-------- The input

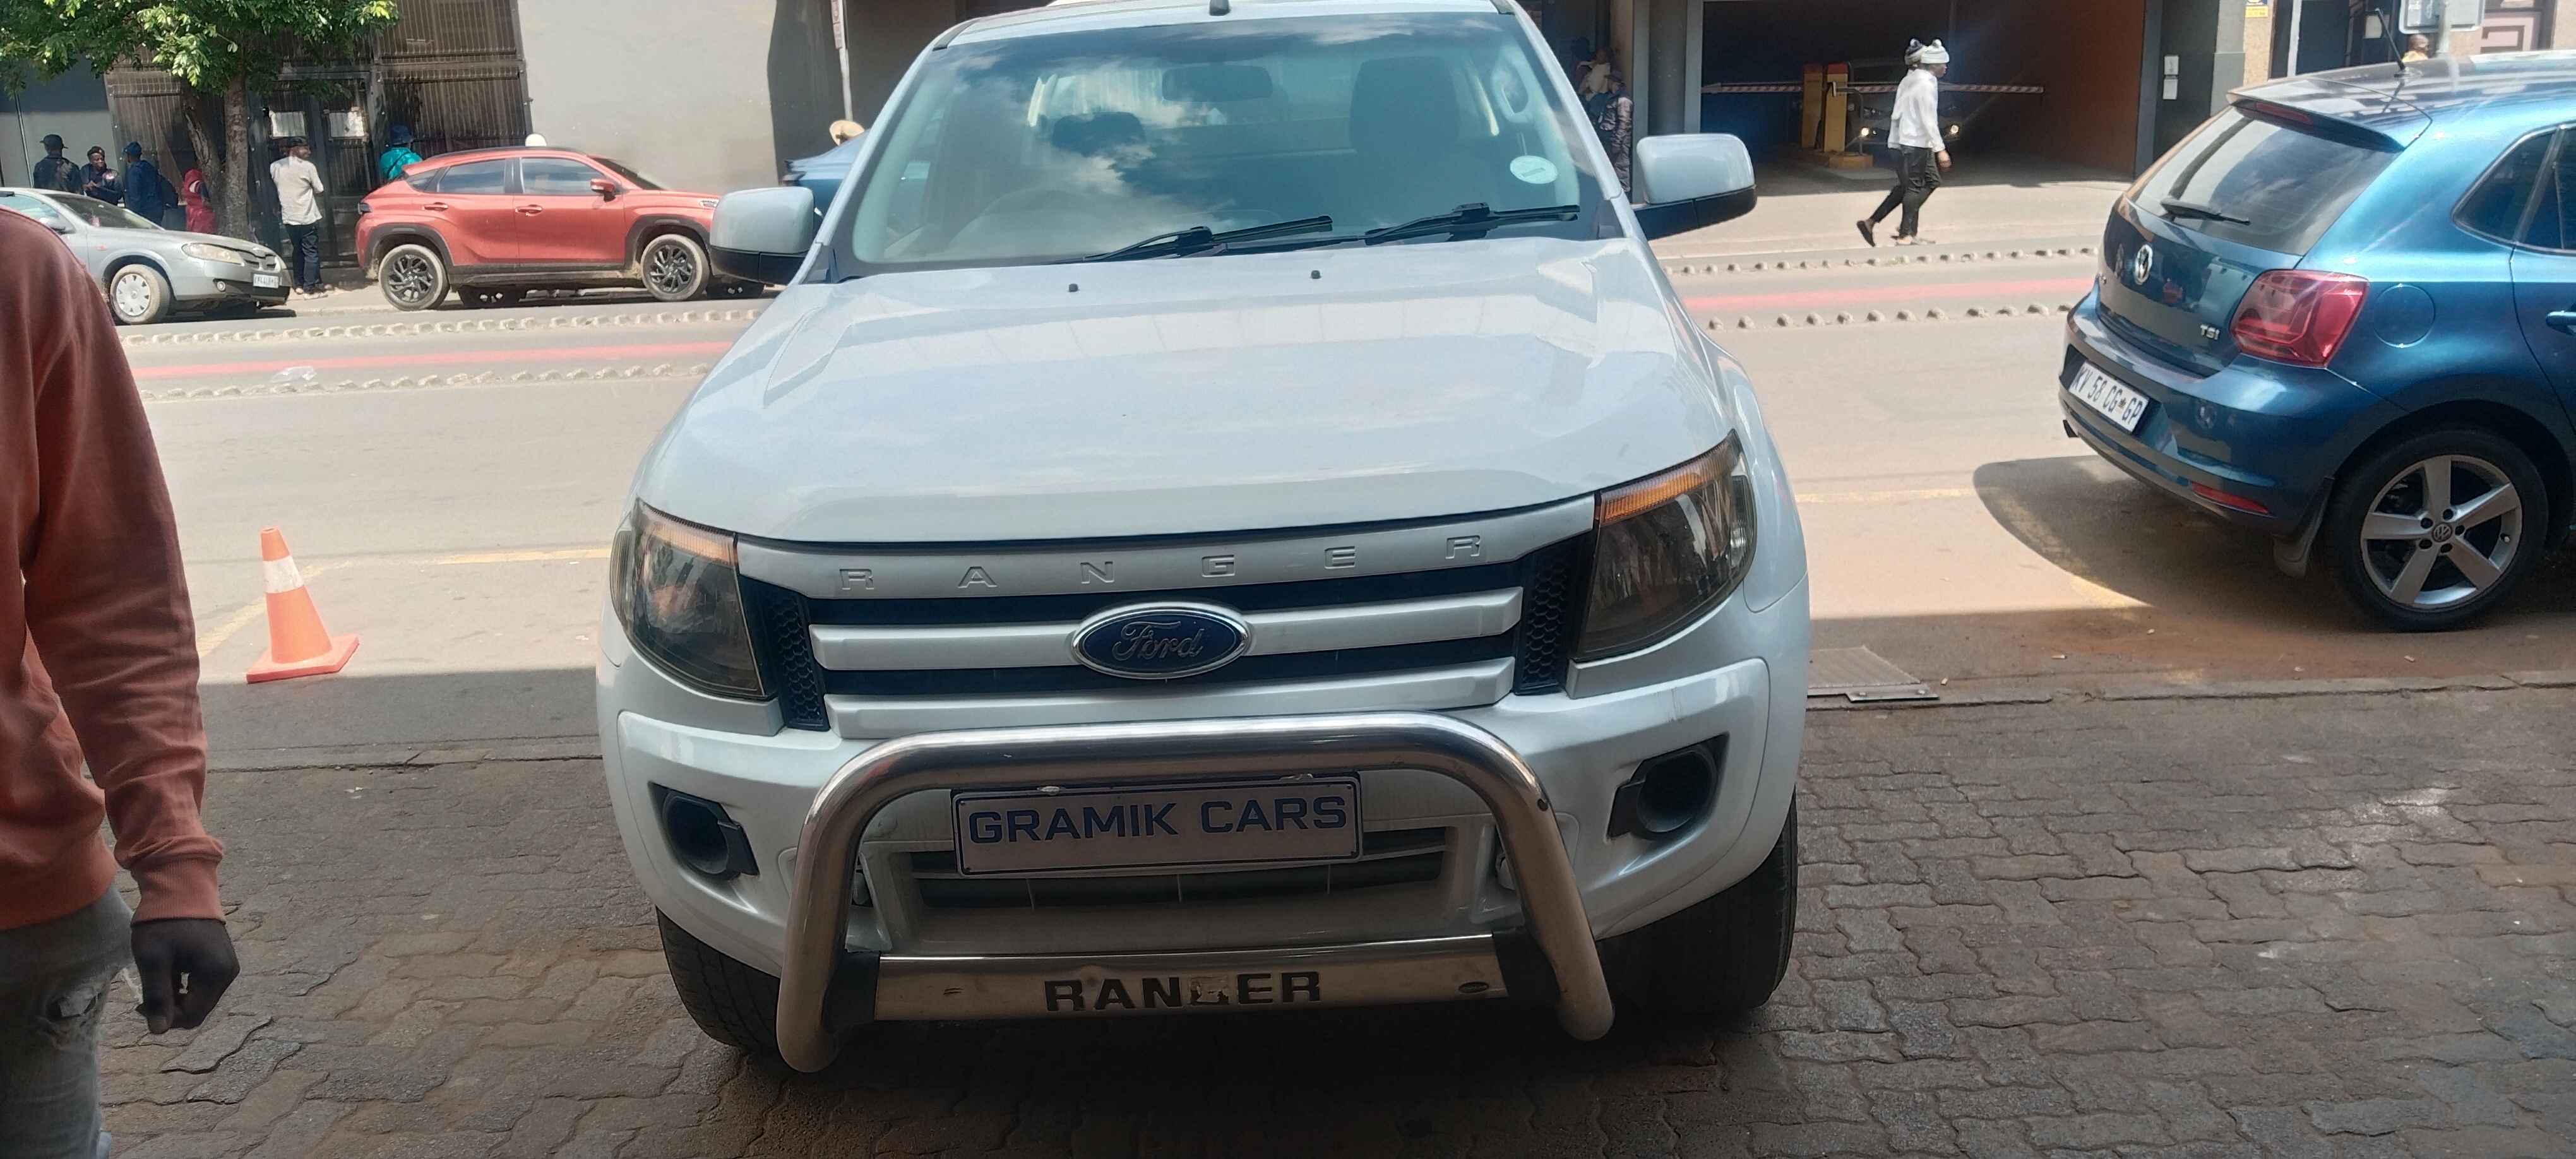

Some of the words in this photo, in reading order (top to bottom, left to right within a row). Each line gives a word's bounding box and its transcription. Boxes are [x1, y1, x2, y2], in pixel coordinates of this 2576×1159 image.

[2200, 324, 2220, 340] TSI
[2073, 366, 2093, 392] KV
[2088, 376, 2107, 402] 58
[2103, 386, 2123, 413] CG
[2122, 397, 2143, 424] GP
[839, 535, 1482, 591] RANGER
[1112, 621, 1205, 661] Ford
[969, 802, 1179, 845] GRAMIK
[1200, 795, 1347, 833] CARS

----------------

Starting with the top line, write out all the data above exactly; keep the pictures out.

Some of the words in this photo, in reading order (top to bottom, left to right within a row). Each line gives a word's bounding box and its transcription. Boxes are [x1, y1, x2, y2], in pixel coordinates of this 2576×1159 image.

[2200, 324, 2220, 340] TSI
[2073, 366, 2093, 392] KV
[2088, 376, 2107, 402] 58
[2103, 386, 2123, 413] CG
[2122, 397, 2143, 424] GP
[839, 535, 1482, 591] RANGER
[1112, 621, 1205, 661] Ford
[969, 802, 1179, 845] GRAMIK
[1200, 795, 1347, 833] CARS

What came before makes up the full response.